=== Section Start ===

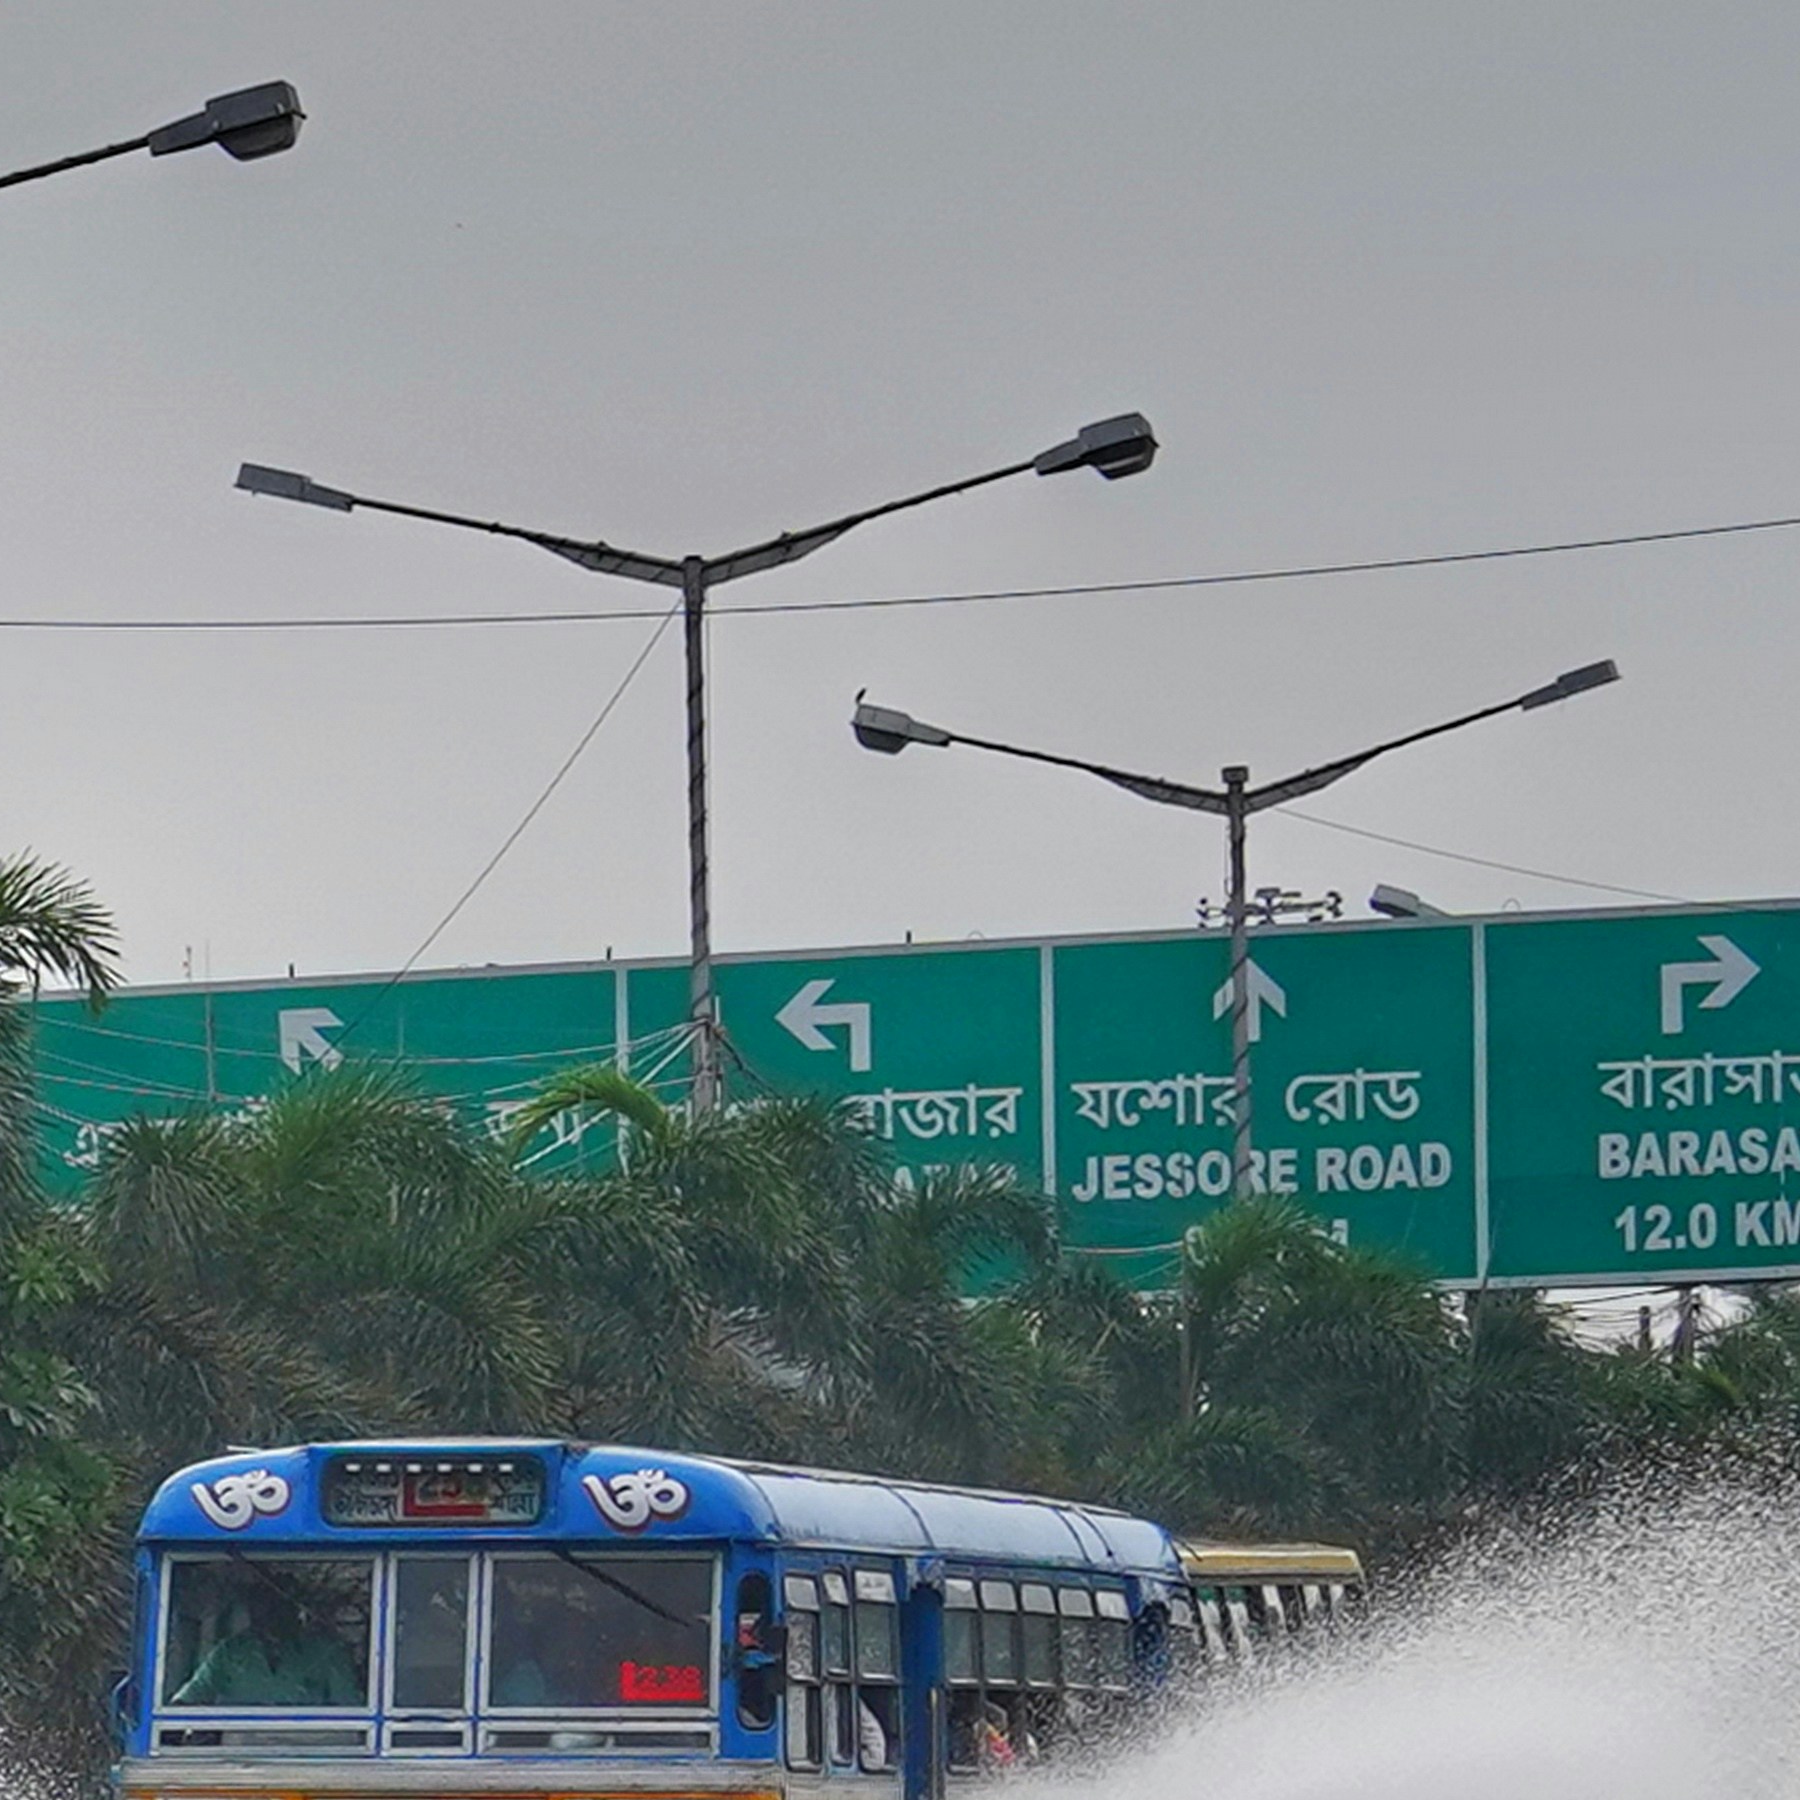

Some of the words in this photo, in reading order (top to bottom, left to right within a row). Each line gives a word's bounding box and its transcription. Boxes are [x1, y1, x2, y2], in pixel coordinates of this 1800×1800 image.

[1285, 1068, 1422, 1124] রোড
[1317, 1142, 1452, 1192] ROAD
[1615, 1203, 1718, 1252] 12.0
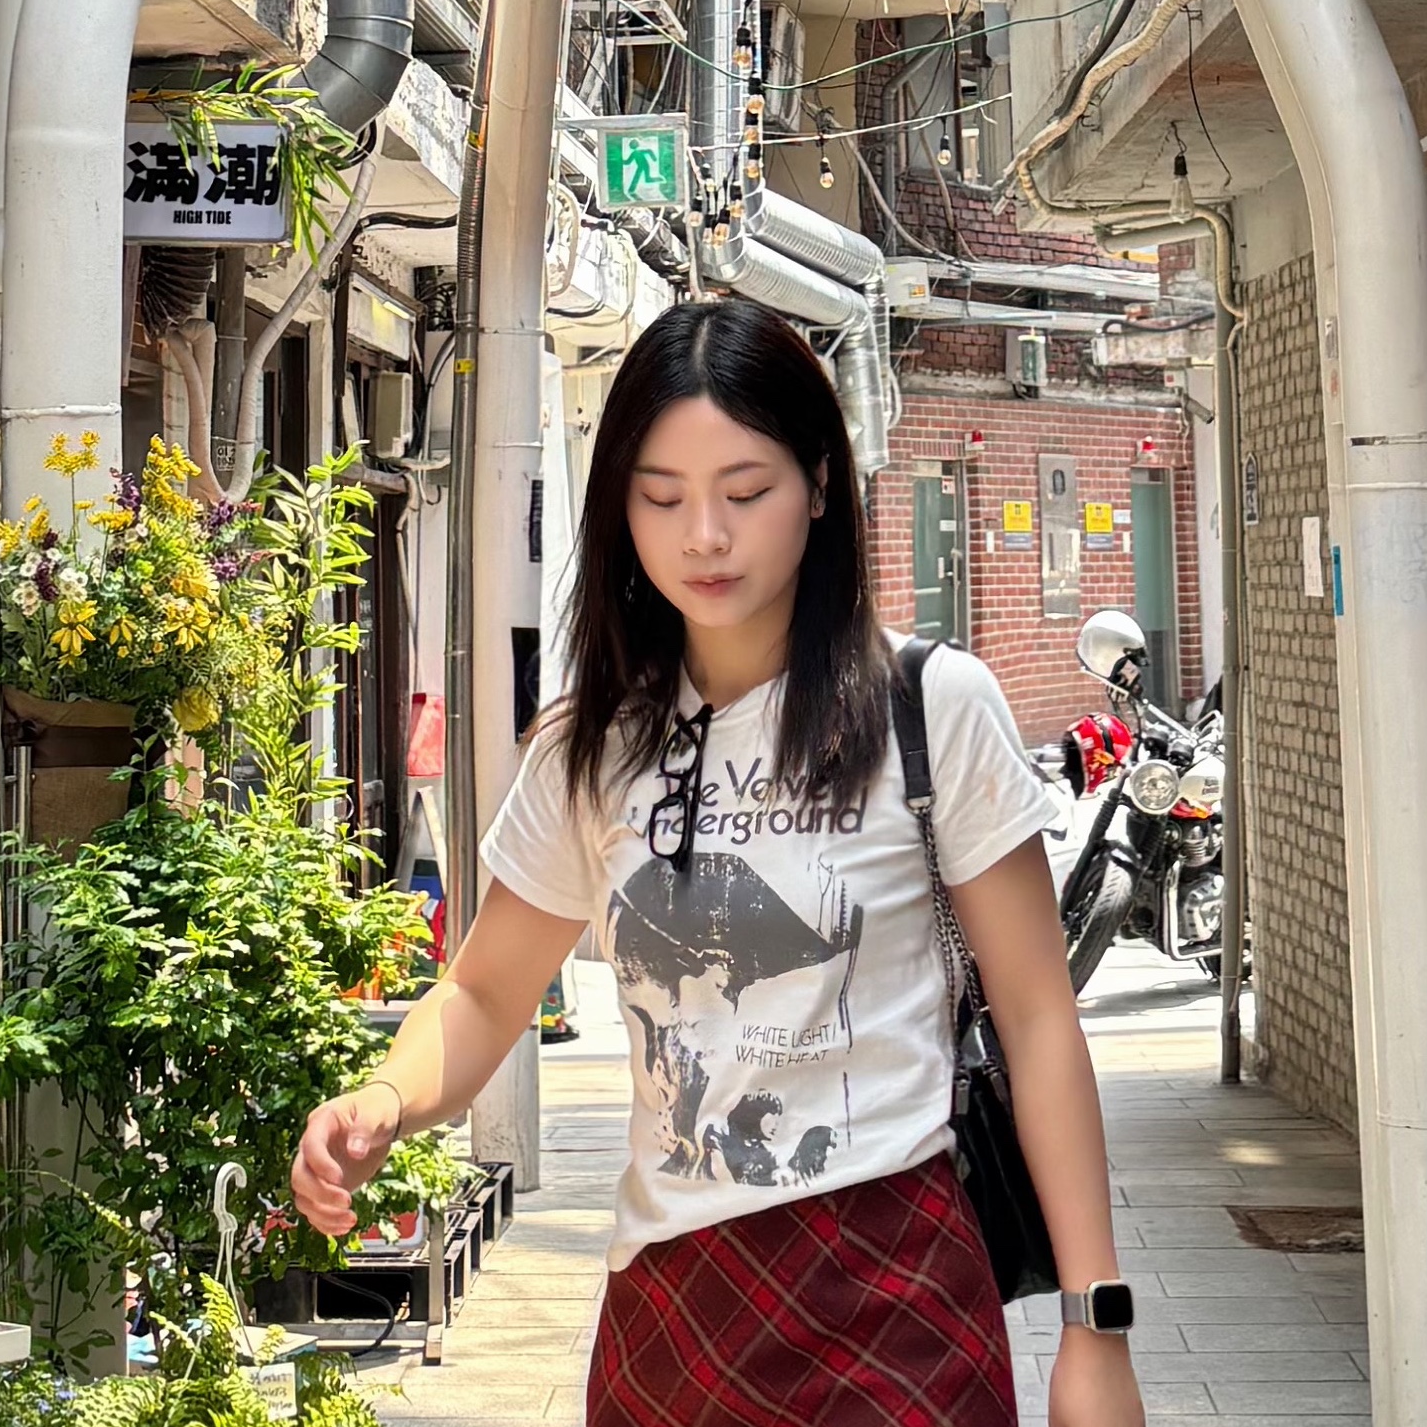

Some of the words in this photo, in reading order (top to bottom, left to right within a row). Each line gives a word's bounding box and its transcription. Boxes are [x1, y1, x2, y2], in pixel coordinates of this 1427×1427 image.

[173, 209, 203, 225] HIGH
[205, 210, 232, 225] TIDE
[742, 1024, 788, 1047] WHITE
[735, 1044, 786, 1069] WHITE

=== Section End ===

Reproduce all of the material exactly, apart from the pictures.

Some of the words in this photo, in reading order (top to bottom, left to right within a row). Each line gives a word's bounding box and its transcription. Boxes are [x1, y1, x2, y2], in pixel coordinates of this 1800×1800 image.

[1285, 1068, 1422, 1124] রোড
[1317, 1142, 1452, 1192] ROAD
[1615, 1203, 1718, 1252] 12.0

Some of the words in this photo, in reading order (top to bottom, left to right within a row). Each line gives a word's bounding box and its transcription. Boxes are [x1, y1, x2, y2], in pixel coordinates of this 1427×1427 image.

[173, 209, 203, 225] HIGH
[205, 210, 232, 225] TIDE
[742, 1024, 788, 1047] WHITE
[735, 1044, 786, 1069] WHITE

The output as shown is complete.